▶ To do
Copy each entry verbatim, excluding its images.
*** Opening of Data supplied ***
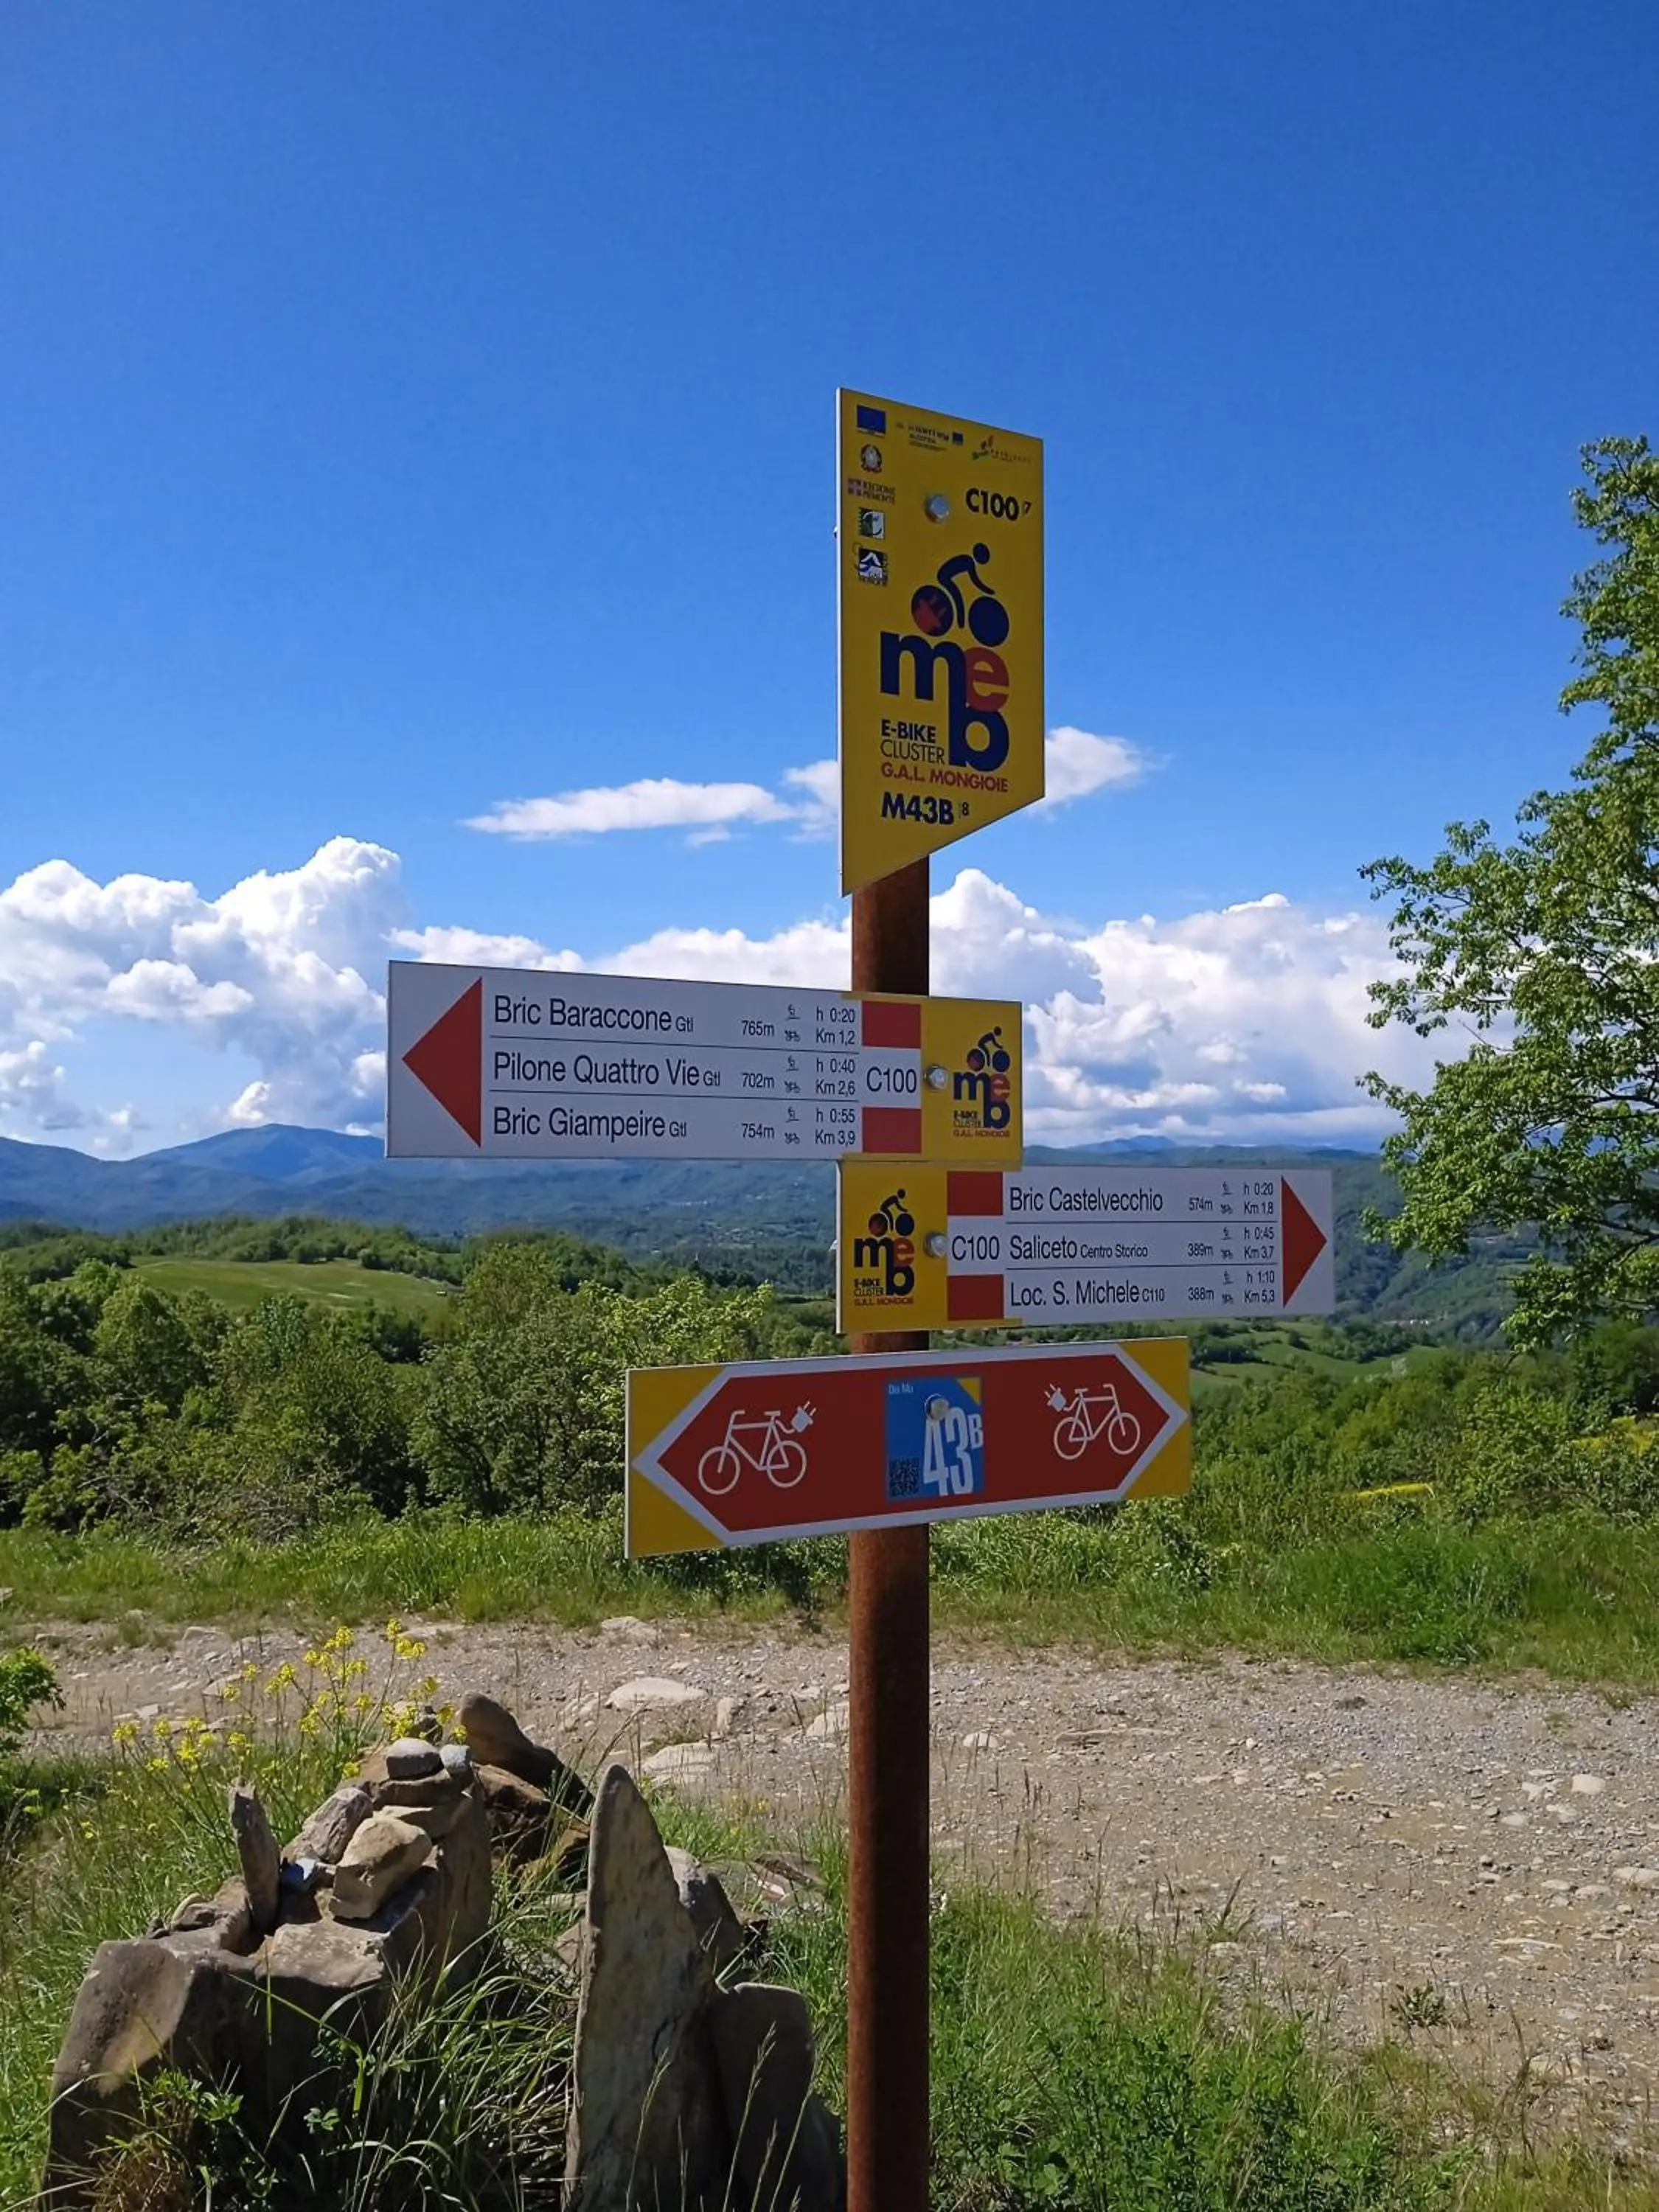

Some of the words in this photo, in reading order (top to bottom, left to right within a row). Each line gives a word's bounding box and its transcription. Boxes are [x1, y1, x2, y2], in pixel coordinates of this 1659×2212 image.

[966, 487, 1019, 521] C100
[882, 720, 936, 743] E-BIKE
[880, 739, 945, 765] CLUSTER
[880, 762, 926, 782] G.A.L.
[930, 771, 1008, 792] MONGIOIE
[881, 792, 954, 825] M43B
[495, 995, 541, 1024] Bric
[550, 998, 672, 1031] Baraccone
[816, 1006, 824, 1022] h
[830, 1008, 855, 1023] 0:20
[741, 1020, 774, 1037] 765m
[815, 1028, 835, 1044] Km
[839, 1031, 855, 1046] 1,2
[495, 1051, 566, 1082] Pilone
[574, 1055, 660, 1085] Quattro
[666, 1058, 700, 1086] Vie
[816, 1057, 824, 1073] h
[830, 1058, 855, 1074] 0:40
[742, 1072, 774, 1088] 702m
[815, 1079, 835, 1095] Km
[838, 1082, 855, 1096] 2,6
[866, 1066, 917, 1093] C100
[816, 1107, 824, 1123] h
[830, 1108, 855, 1123] 0:55
[493, 1107, 541, 1135] Bric
[549, 1107, 665, 1143] Giampeire
[741, 1122, 774, 1138] 754m
[815, 1129, 835, 1144] Km
[837, 1130, 855, 1145] 3,9
[1244, 1181, 1250, 1195] h
[1254, 1182, 1273, 1196] 0:20
[1010, 1187, 1043, 1211] Bric
[1049, 1186, 1164, 1211] Castelvecchio
[1189, 1197, 1213, 1211] 574m
[1244, 1203, 1259, 1215] Km
[1244, 1226, 1250, 1239] h
[1254, 1226, 1275, 1240] 0:45
[952, 1236, 1000, 1261] C100
[1009, 1235, 1077, 1260] Saliceto
[1080, 1244, 1113, 1259] Centro
[1115, 1243, 1148, 1258] Storico
[1244, 1249, 1259, 1260] Km
[1246, 1270, 1253, 1284] h
[1257, 1270, 1275, 1284] 1:10
[1011, 1281, 1046, 1307] Loc.
[1052, 1280, 1069, 1306] S.
[1076, 1279, 1140, 1304] Michele
[1142, 1288, 1165, 1302] C110
[1243, 1292, 1259, 1303] Km
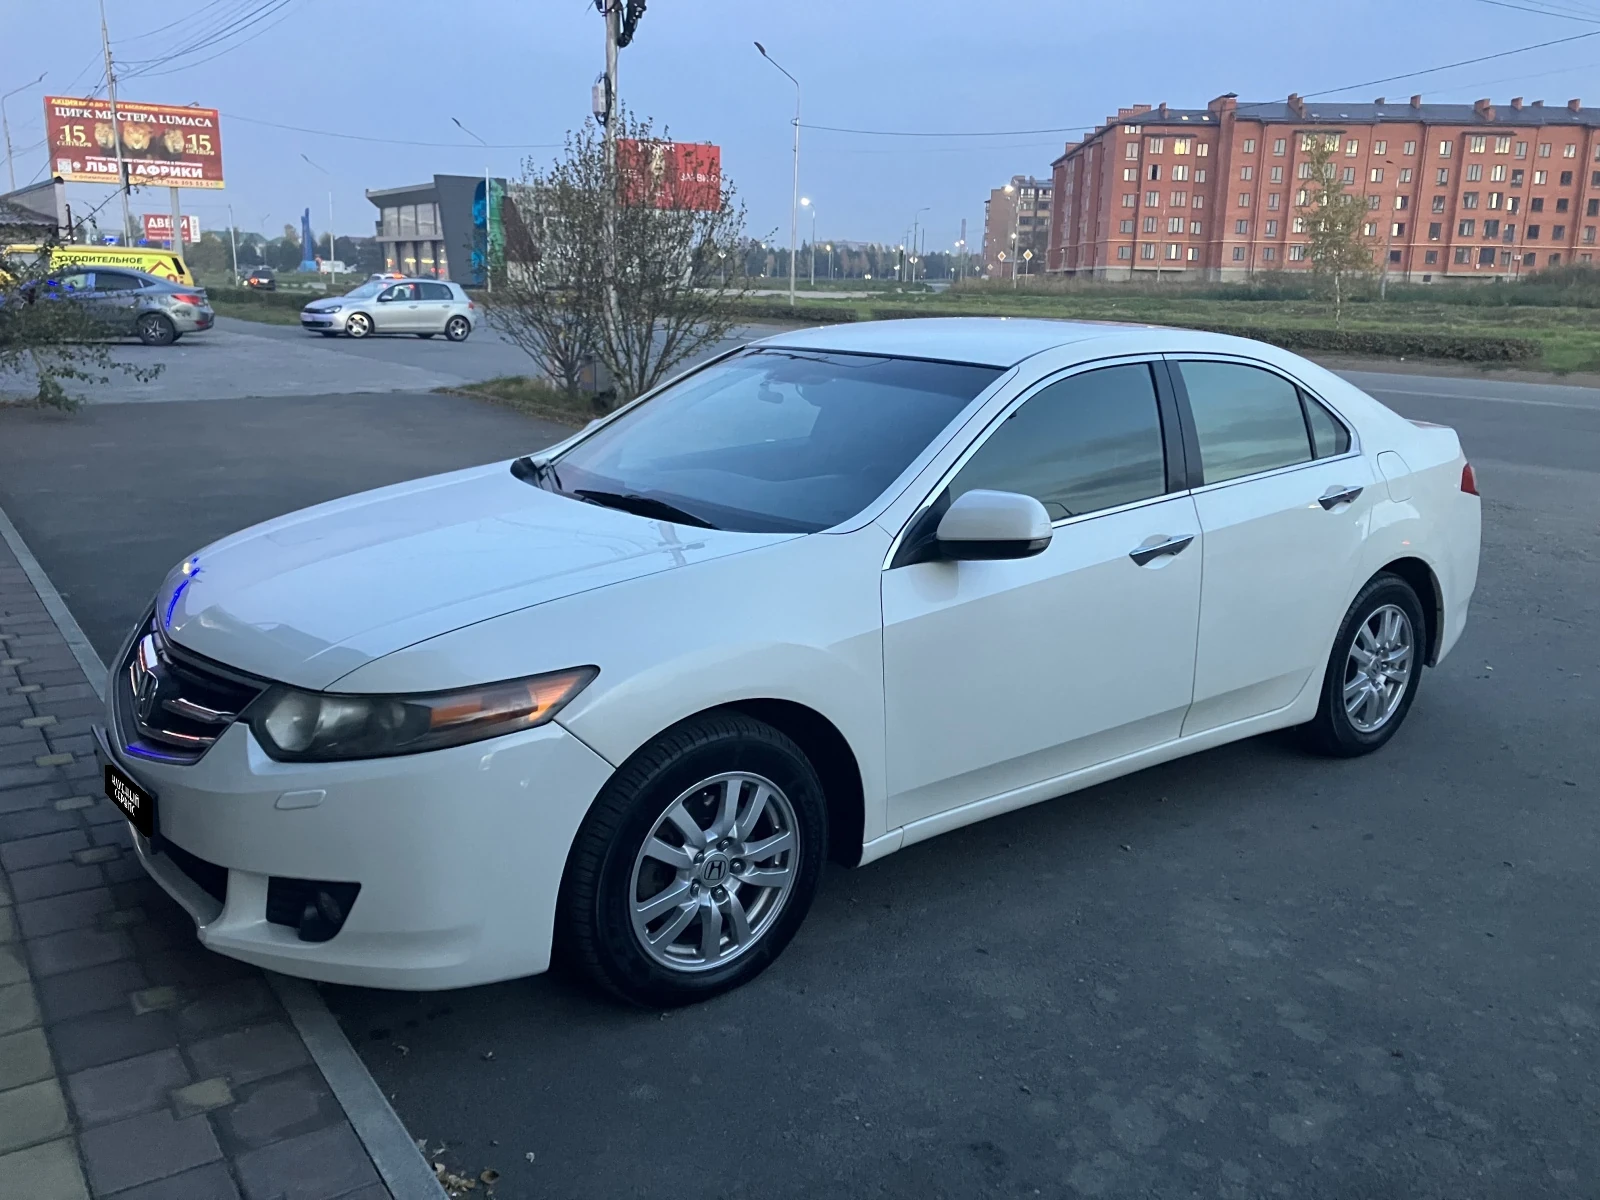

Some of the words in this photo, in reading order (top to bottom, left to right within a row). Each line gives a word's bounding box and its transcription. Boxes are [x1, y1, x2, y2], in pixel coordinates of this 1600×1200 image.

[55, 107, 93, 118] ЦИРК
[159, 115, 213, 128] LUMACA
[60, 124, 86, 144] 15
[187, 134, 211, 153] 15
[135, 164, 203, 179] АФРИКИ
*** Close of Data supplied ***
▶ Exercise output
Some of the words in this photo, in reading order (top to bottom, left to right within a row). Each line gives a word's bounding box and its transcription. Boxes are [x1, y1, x2, y2], in pixel coordinates of this 1659×2212 image.

[966, 487, 1019, 521] C100
[882, 720, 936, 743] E-BIKE
[880, 739, 945, 765] CLUSTER
[880, 762, 926, 782] G.A.L.
[930, 771, 1008, 792] MONGIOIE
[881, 792, 954, 825] M43B
[495, 995, 541, 1024] Bric
[550, 998, 672, 1031] Baraccone
[816, 1006, 824, 1022] h
[830, 1008, 855, 1023] 0:20
[741, 1020, 774, 1037] 765m
[815, 1028, 835, 1044] Km
[839, 1031, 855, 1046] 1,2
[495, 1051, 566, 1082] Pilone
[574, 1055, 660, 1085] Quattro
[666, 1058, 700, 1086] Vie
[816, 1057, 824, 1073] h
[830, 1058, 855, 1074] 0:40
[742, 1072, 774, 1088] 702m
[815, 1079, 835, 1095] Km
[838, 1082, 855, 1096] 2,6
[866, 1066, 917, 1093] C100
[816, 1107, 824, 1123] h
[830, 1108, 855, 1123] 0:55
[493, 1107, 541, 1135] Bric
[549, 1107, 665, 1143] Giampeire
[741, 1122, 774, 1138] 754m
[815, 1129, 835, 1144] Km
[837, 1130, 855, 1145] 3,9
[1244, 1181, 1250, 1195] h
[1254, 1182, 1273, 1196] 0:20
[1010, 1187, 1043, 1211] Bric
[1049, 1186, 1164, 1211] Castelvecchio
[1189, 1197, 1213, 1211] 574m
[1244, 1203, 1259, 1215] Km
[1244, 1226, 1250, 1239] h
[1254, 1226, 1275, 1240] 0:45
[952, 1236, 1000, 1261] C100
[1009, 1235, 1077, 1260] Saliceto
[1080, 1244, 1113, 1259] Centro
[1115, 1243, 1148, 1258] Storico
[1244, 1249, 1259, 1260] Km
[1246, 1270, 1253, 1284] h
[1257, 1270, 1275, 1284] 1:10
[1011, 1281, 1046, 1307] Loc.
[1052, 1280, 1069, 1306] S.
[1076, 1279, 1140, 1304] Michele
[1142, 1288, 1165, 1302] C110
[1243, 1292, 1259, 1303] Km

Some of the words in this photo, in reading order (top to bottom, left to right within a row). Each line gives a word's bounding box and its transcription. Boxes are [x1, y1, x2, y2], in pixel coordinates of this 1600×1200 image.

[55, 107, 93, 118] ЦИРК
[159, 115, 213, 128] LUMACA
[60, 124, 86, 144] 15
[187, 134, 211, 153] 15
[135, 164, 203, 179] АФРИКИ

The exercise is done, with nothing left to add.